Not on display
- Artist
- Jan Griffier I c.1645–1718
- Medium
- Oil paint on copper
- Dimensions
- Support: 381 × 505 mm
frame: 547 × 675 × 65 mm - Collection
- Tate
- Acquisition
- Presented by the Friends of the Tate Gallery 1961
- Reference
- T00408
Summary
The Tudor palace of Hampton Court on the river Thames, thirteen miles west of London, was the favourite residence of the Dutch-born British king William III (reigned 1689-1702). William commissioned the celebrated architect Sir Christopher Wren (1632-1723) initially to design a new palace there but later, owing to financial constraints, mainly to remodel the earlier buildings. Following the destruction by fire of Whitehall Palace in Westminster in 1698, Hampton Court became William’s principal base.
The costumes depicted in this semi-fantastical view of the palace date it to about 1710. The general view of the buildings and gardens resembles the layout published in an engraving in 1707-8 in Britannia Illustrata by Johannes Kip and Leonard Knyff.
As in other contemporary British landscape views, this work sets out the land and the buildings as if seen from a high vantage point and with apparently map-like precision. In fact, however, Griffier has deviated from the naturalistic depiction of an actual topography to produce a partly imaginary scene, a genre that he had previously exploited in numerous images of the river Rhine. In the present work, the castle to the right is perhaps intended to be an imaginary representation of another royal palace, Windsor Castle in Berkshire, further along the river Thames.
The Netherlands-trained Griffier, who was born in Amsterdam, specialised in both topographical and fantasy landscapes. He first settled in London in 1667 and produced views of the river Thames, before returning to the Netherlands in 1695. Later, back in London once again, he lived at Millbank, near the present site of Tate Britain.

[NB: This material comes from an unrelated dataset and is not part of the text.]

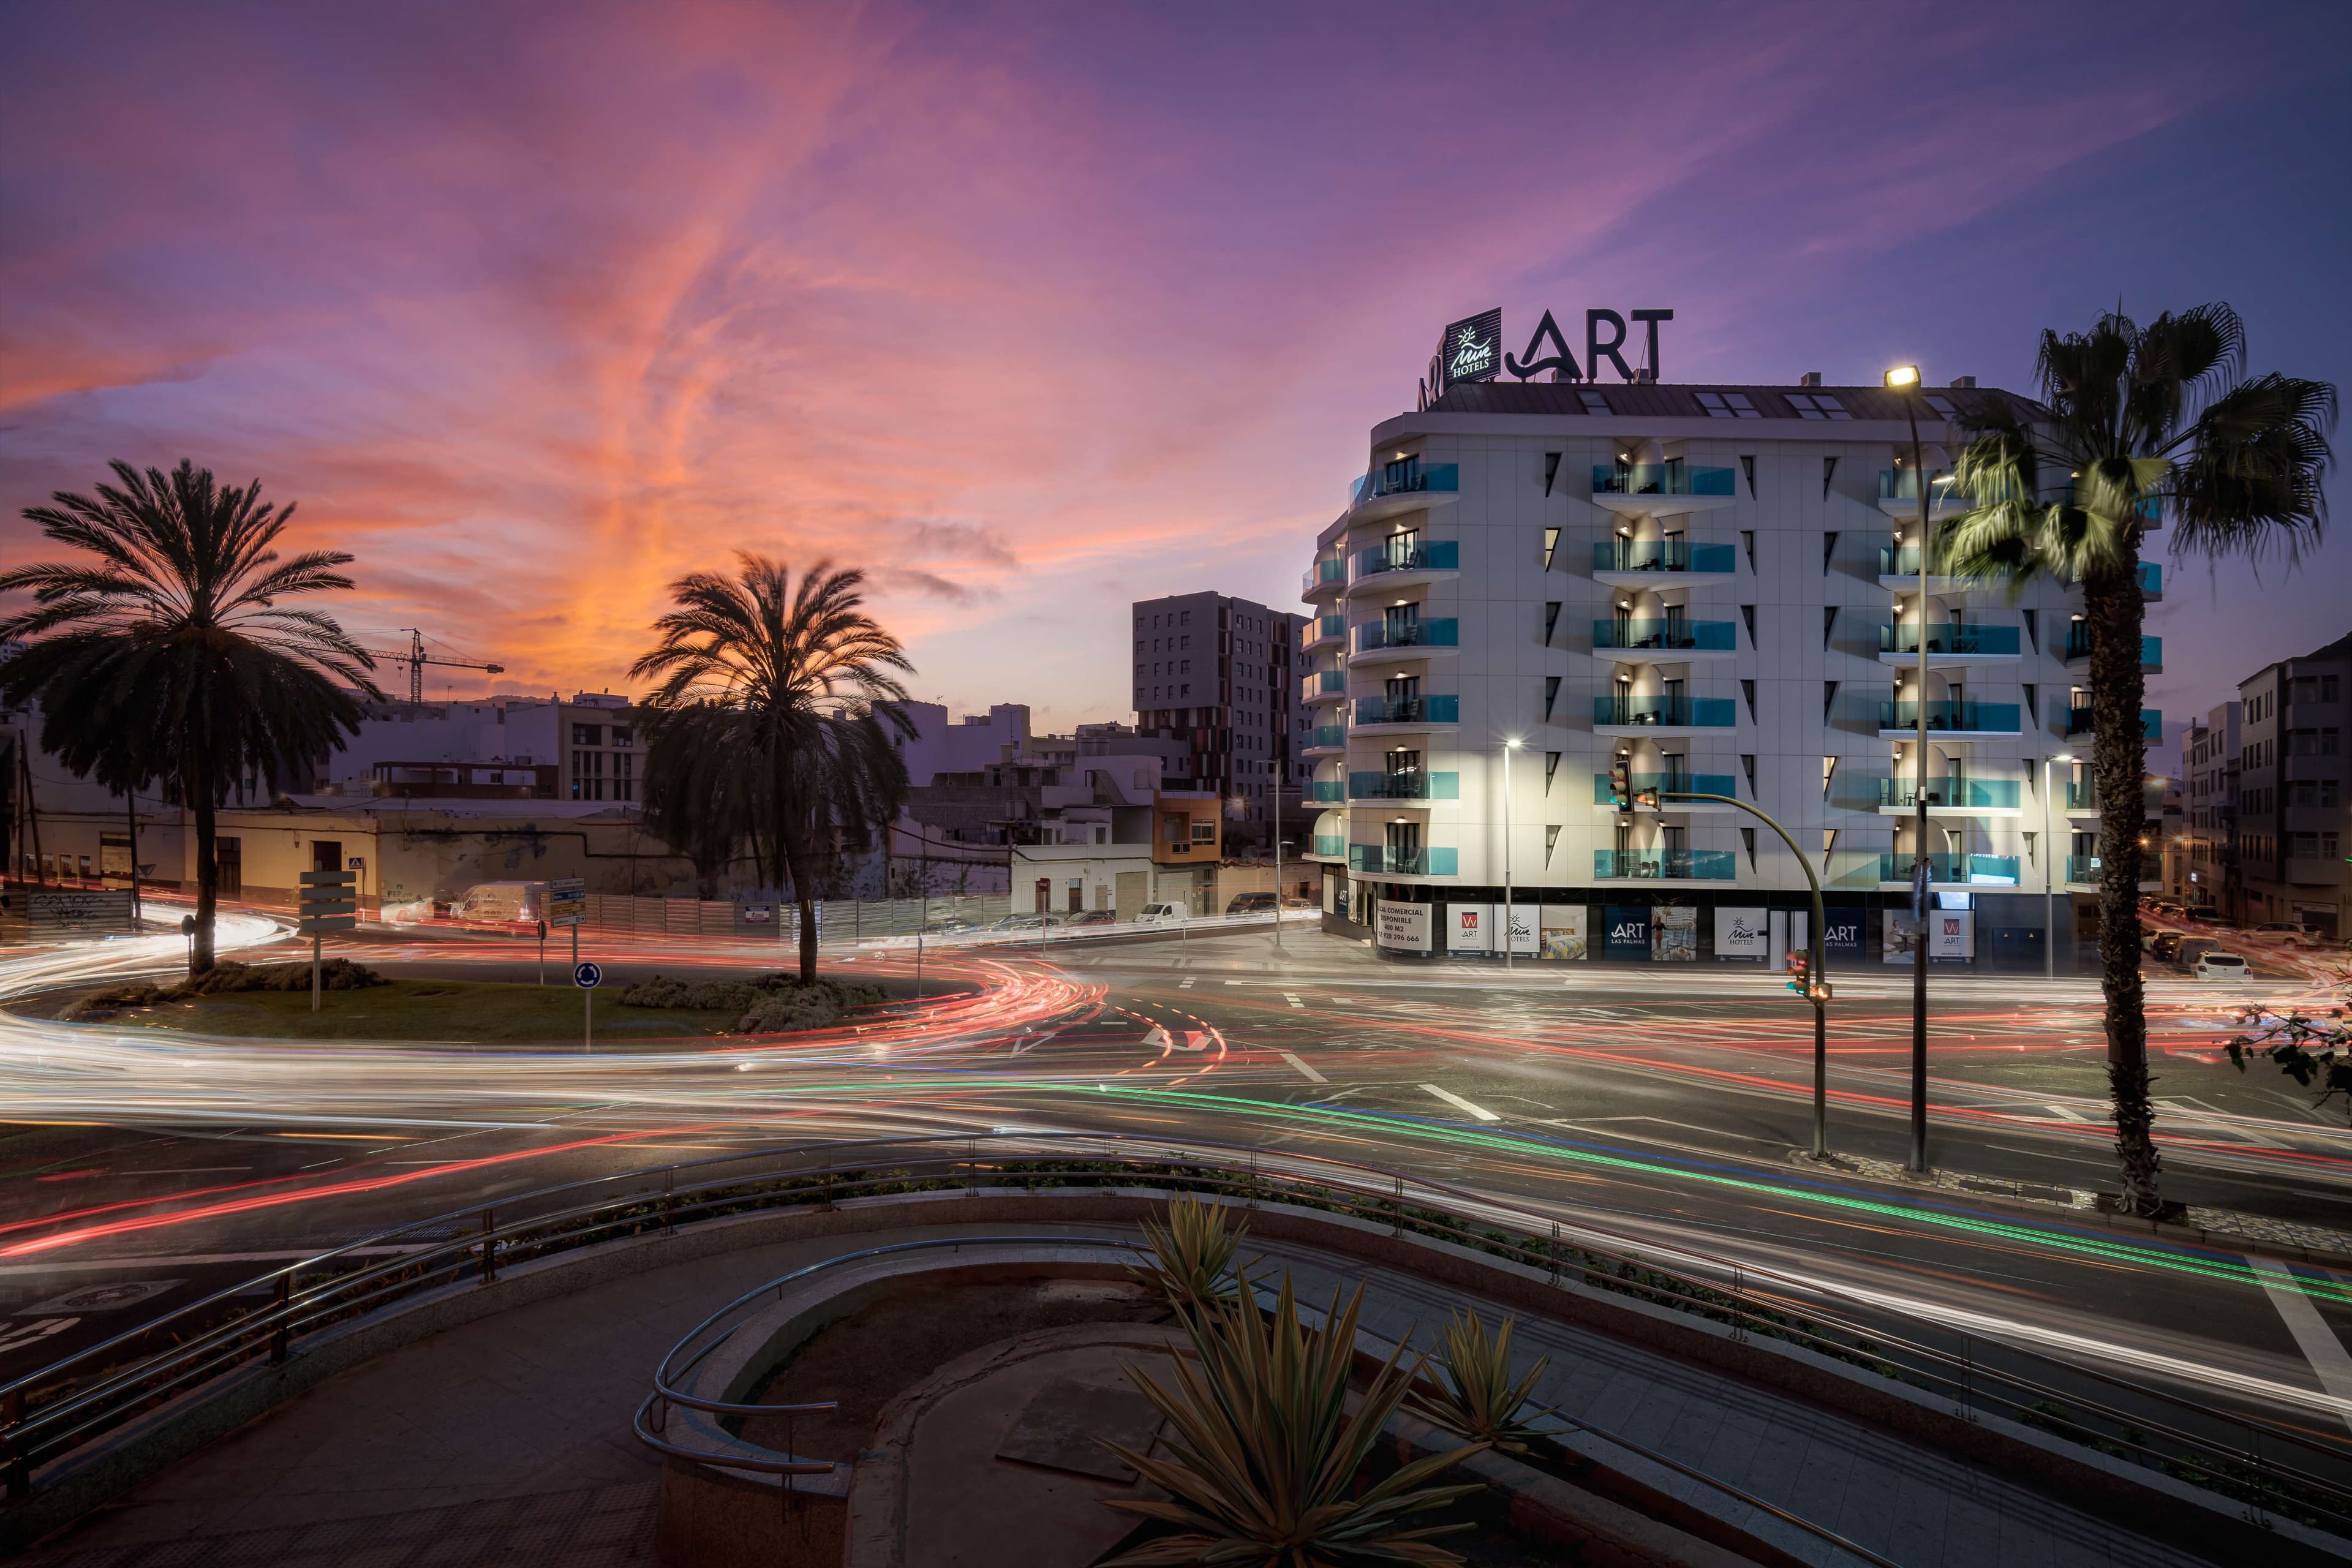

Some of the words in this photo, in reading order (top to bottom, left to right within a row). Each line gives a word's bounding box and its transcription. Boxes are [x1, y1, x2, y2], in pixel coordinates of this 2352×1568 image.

The painting formerly belonged to a Jewish banker who was shot by the Nazis in Dusseldorf in 1937. In 1939, his children escaped to England and his wife fled to Belgium. In hiding in Brussels during World War II, she was obliged to sell this and other paintings in order to survive. In 1944 she was taken to a concentration camp at Malines. After liberation she was able to join her remaining family in Britain in 1946.
The painting was given to the Tate Gallery by the Friends of the Tate in 1961. It had been bought in good faith in 1955 at auction in Cologne by the English dealers Roland Browse and Delbanco, who six years later sold it to the Friends of the Tate. Recently, it was recognised by surviving members of the banker’s family, who made a formal claim for compensation in 1999.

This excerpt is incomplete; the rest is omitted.